Read the whole thing.

MY EARLIER SWISS ARMY KNIFE POST has produced a lot of emails saying things to the effect that, “That’s not a knife. Now this is a knife.” It’s also gotten a lot of email from people who say that the Leatherman is the way to go. I stand by my original reasoning.

My brother is a big Leatherman fan, but I’ve always been more a Swiss Army kind of guy. It’s a source of strain between us. . . . Well, jokes, anyway. Maybe one day I’ll compromise on the Gerber, or maybe one of these.

UPDATE: Reader Joshua Gitlitz emails that there’s no way my brother can top this.

JAMIL HUSSEIN: Still a mystery, despite all the digging. I don’t see any way for this to reflect well on A.P., whose prize source remains unidentified.

JAMES KIRCHICK on Zimbabwe.

THE BLOGS VS. JOHN MCCAIN: I think that John McCain realizes that bloggers are unhappy with him over McCain-Feingold — he said as much in our podcast interview — but I don’t think he grasps just how unhappy, or how much this hurts him. I suspect that (at least some of) his staff does, though. But what can he do about it?

MICHAEL FUMENTO says that the avian flu threat is exaggerated.
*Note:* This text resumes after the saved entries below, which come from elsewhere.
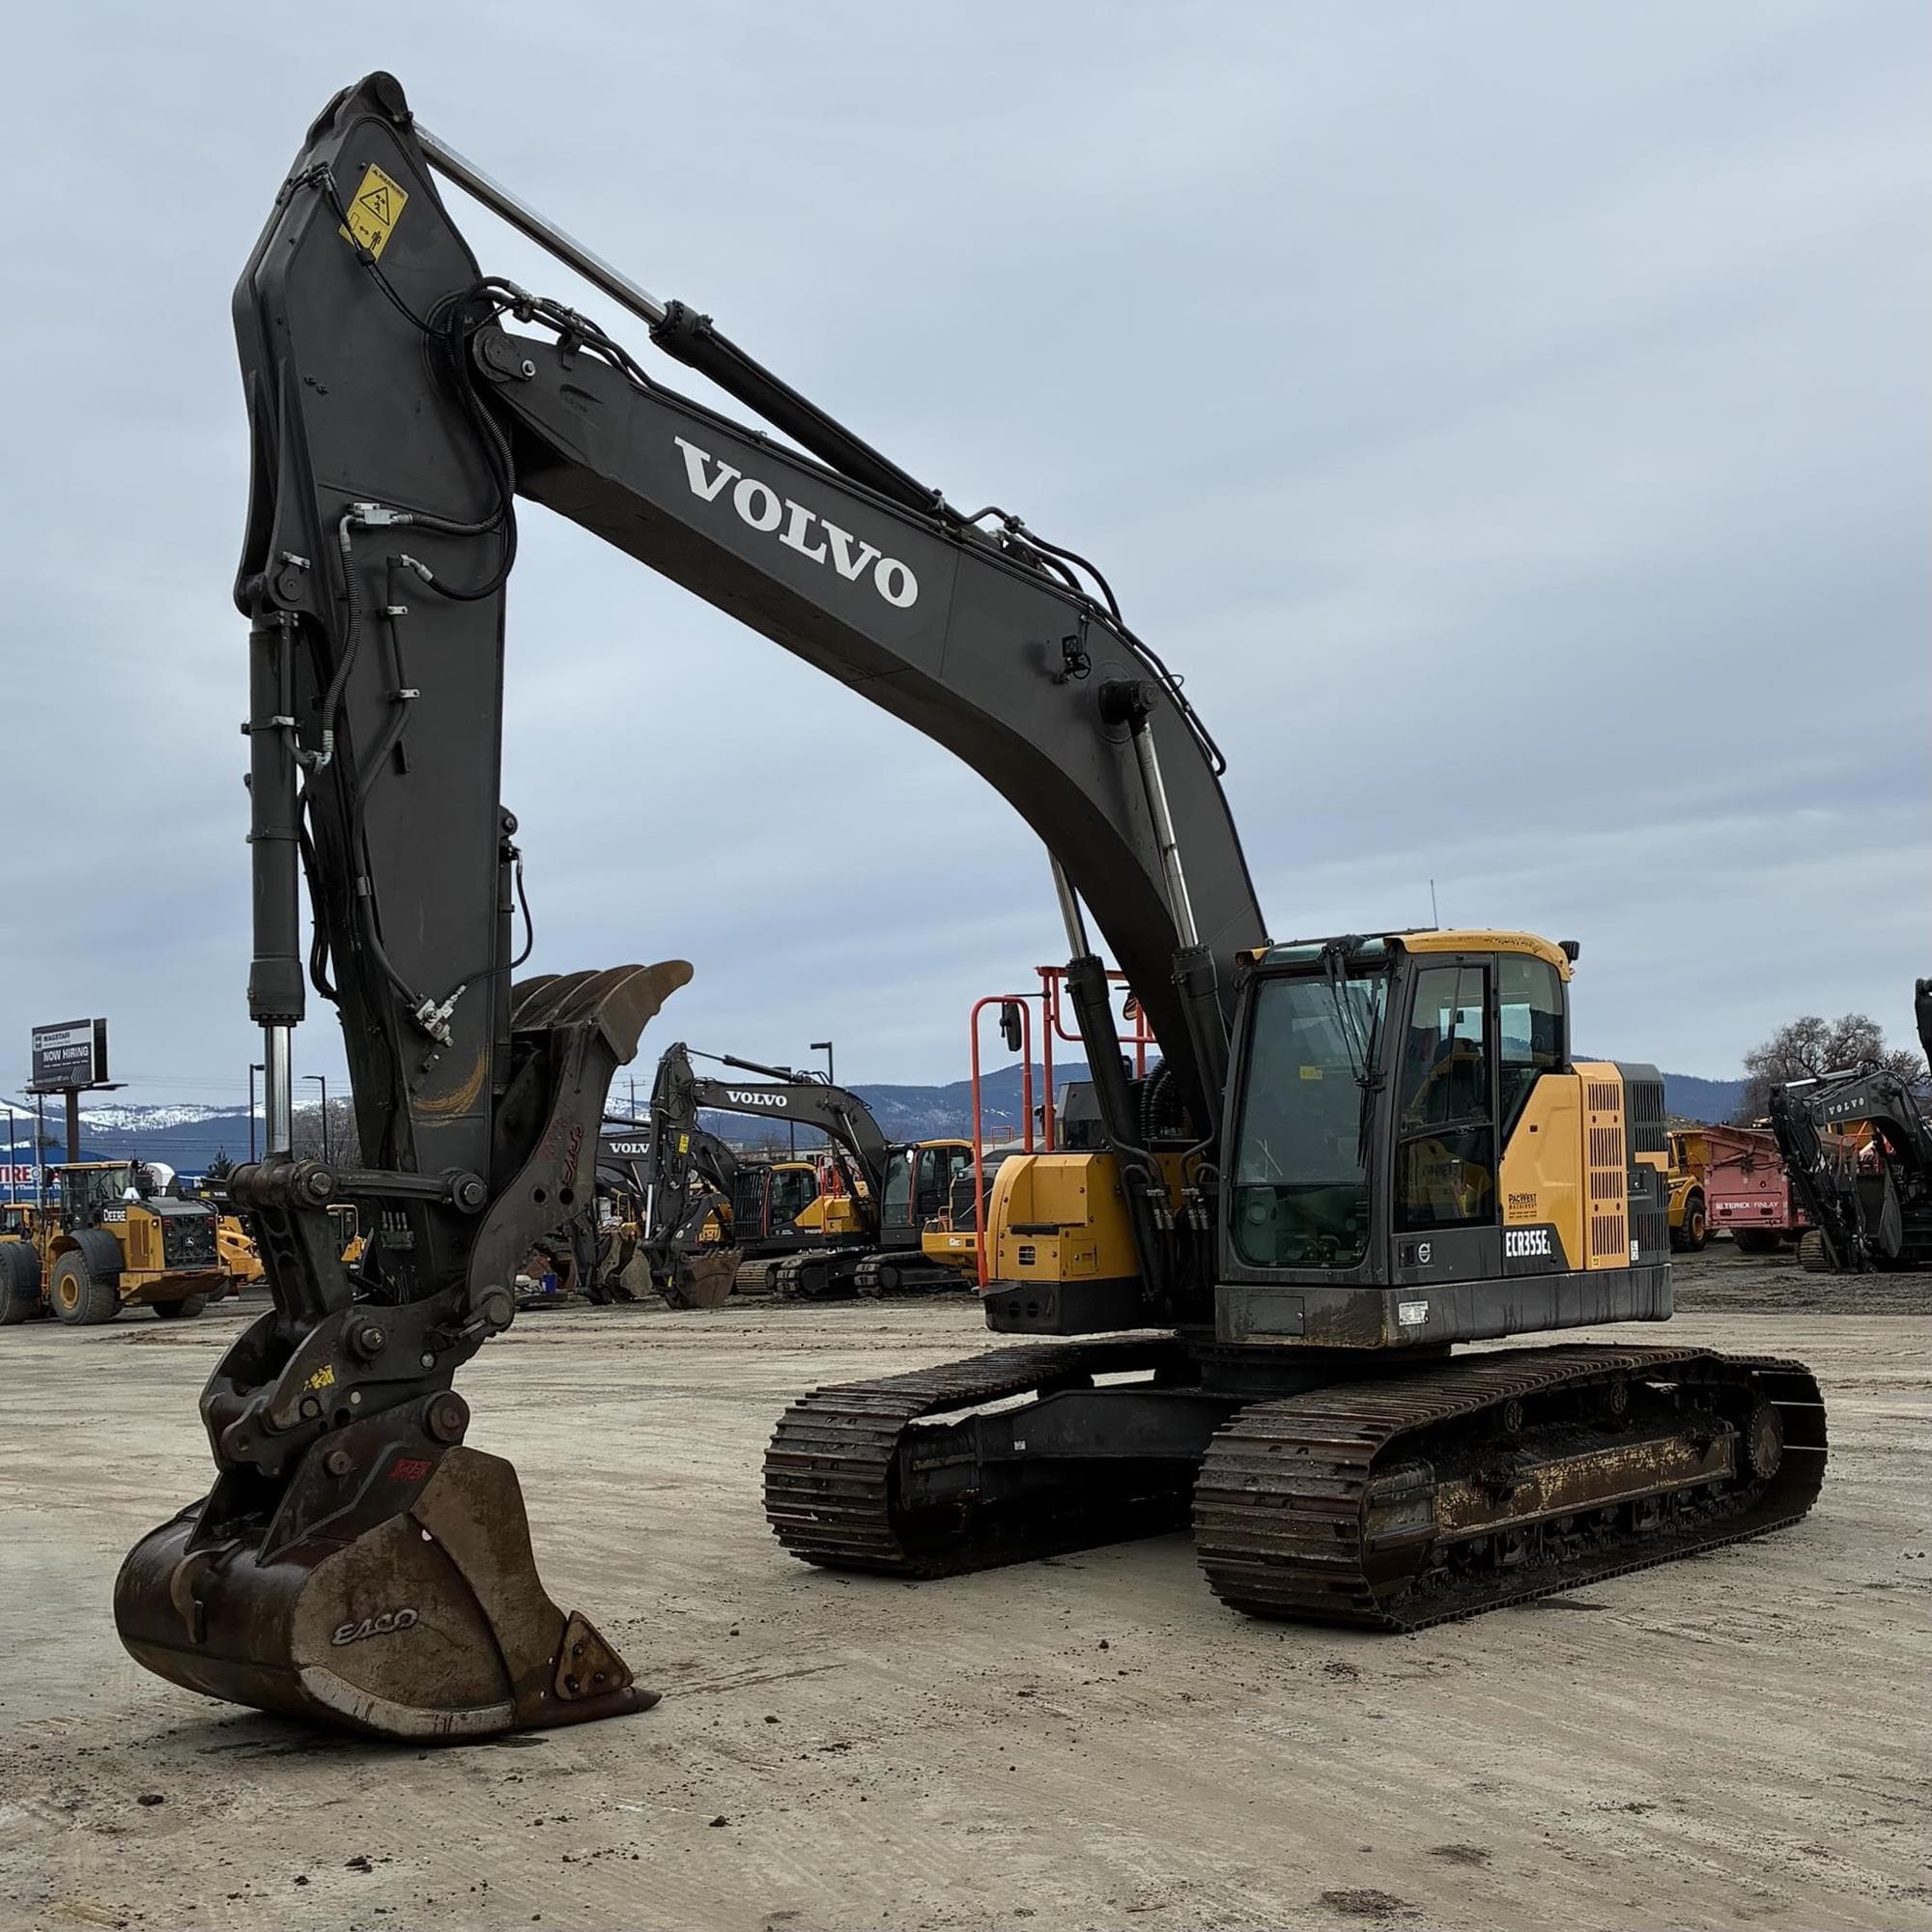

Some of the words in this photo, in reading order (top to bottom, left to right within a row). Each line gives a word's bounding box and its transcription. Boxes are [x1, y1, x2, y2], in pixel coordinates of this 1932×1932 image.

[674, 436, 919, 608] VOLVO
[43, 1050, 61, 1062] NOW
[63, 1046, 89, 1059] HIRING
[726, 1091, 787, 1107] VOLVO
[1829, 1097, 1864, 1116] VOLVO
[610, 1143, 649, 1153] VOLV
[103, 1208, 127, 1221] DEERE
I certainly hope he’s right, but it’s worth pointing out that most preparations for avian flu will also be valuable in the event of other dangerous epidemics. And the argument that no such epidemics are likely in the next couple of decades seems to me to be rather weak. How would we know? It also seems hard to argue that we’re overprepared for disasters generally. So while short-term planning aimed specifically at avian flu may not be as important as we thought a couple of years ago, overall planning for public health (and other) emergencies is still in a sad state.
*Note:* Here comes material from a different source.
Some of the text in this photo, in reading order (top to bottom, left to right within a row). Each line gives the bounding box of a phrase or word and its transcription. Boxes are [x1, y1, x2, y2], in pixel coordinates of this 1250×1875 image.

UPDATE: Fumento prefers this link to the version of the article with hyperlinks that’s on his website. He also stresses that he never meant to say that no epidemics are likely in coming decades — and I never meant to suggest that he did. Just to be clear on both points.

TEN YEARS IN PRISON for consensual oral sex between a 17-year-old and a 15-year old?
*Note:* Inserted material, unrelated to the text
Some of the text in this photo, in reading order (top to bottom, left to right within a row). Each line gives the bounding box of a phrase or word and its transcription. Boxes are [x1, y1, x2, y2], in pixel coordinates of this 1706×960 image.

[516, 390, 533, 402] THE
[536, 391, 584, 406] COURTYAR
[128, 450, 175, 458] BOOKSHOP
I agree with Eugene Volokh that this sounds unjust. What’s more, were the genders reversed I doubt that it would even have been prosecuted.

DUKE RAPE UPDATE:


In last Friday’s court session, Dr. Brian Meehan admitted that he and Mike Nifong entered into an agreement to intentionally exclude from his report any mention that DNA tests had discovered results from five unidentified males in the accuser’s rape kit.

Meehan also conceded that the decision reached by Nifong and him violated his company’s protocols. It also ran counter to the Supreme Court’s Brady decision and North Carolina’s Open Discovery law. The former requires the state to turn over all exculpatory evidence to the defense; the latter requires the prosecution to turn over all evidence to the defense.

Despite this revelation, there has been no sign that the North Carolina State Bar has abandoned its passive approach regarding Nifong’s misconduct. Meehan, however, might face a different fate.

His lab is accredited by the American Society of Crime Laboratory Directors/Laboratory Accreditation Board (ASCLD/LAB). I emailed the board to ask if it planned to investigate Meehan’s accreditation status in light of Friday’s testimony.

Follow the link for more, and for that matter just visit K.C. Johnson’s blog and keep scrolling. Meanwhile, reader John Griffin emails: “Bet we hear, when all is said and done, that Mike Nifong has checked into a detox unit and blames his addiction to (fill in the blank) as the reason for his ‘irrational exuberance’ in the pursuit of the Duke students. Wonder what Duke’s President will offer up as an excuse.”

BUT WE’RE WAY BEHIND ON HYPOCRISY PRODUCTION: E.U. vs. U.S.A. on CO2.

NEWSWEEK reports that Iraq’s economy is booming. (“there’s a vibrancy at the grass roots that is invisible in most international coverage of Iraq.”) That’s old news for readers of StratgyPage, of course.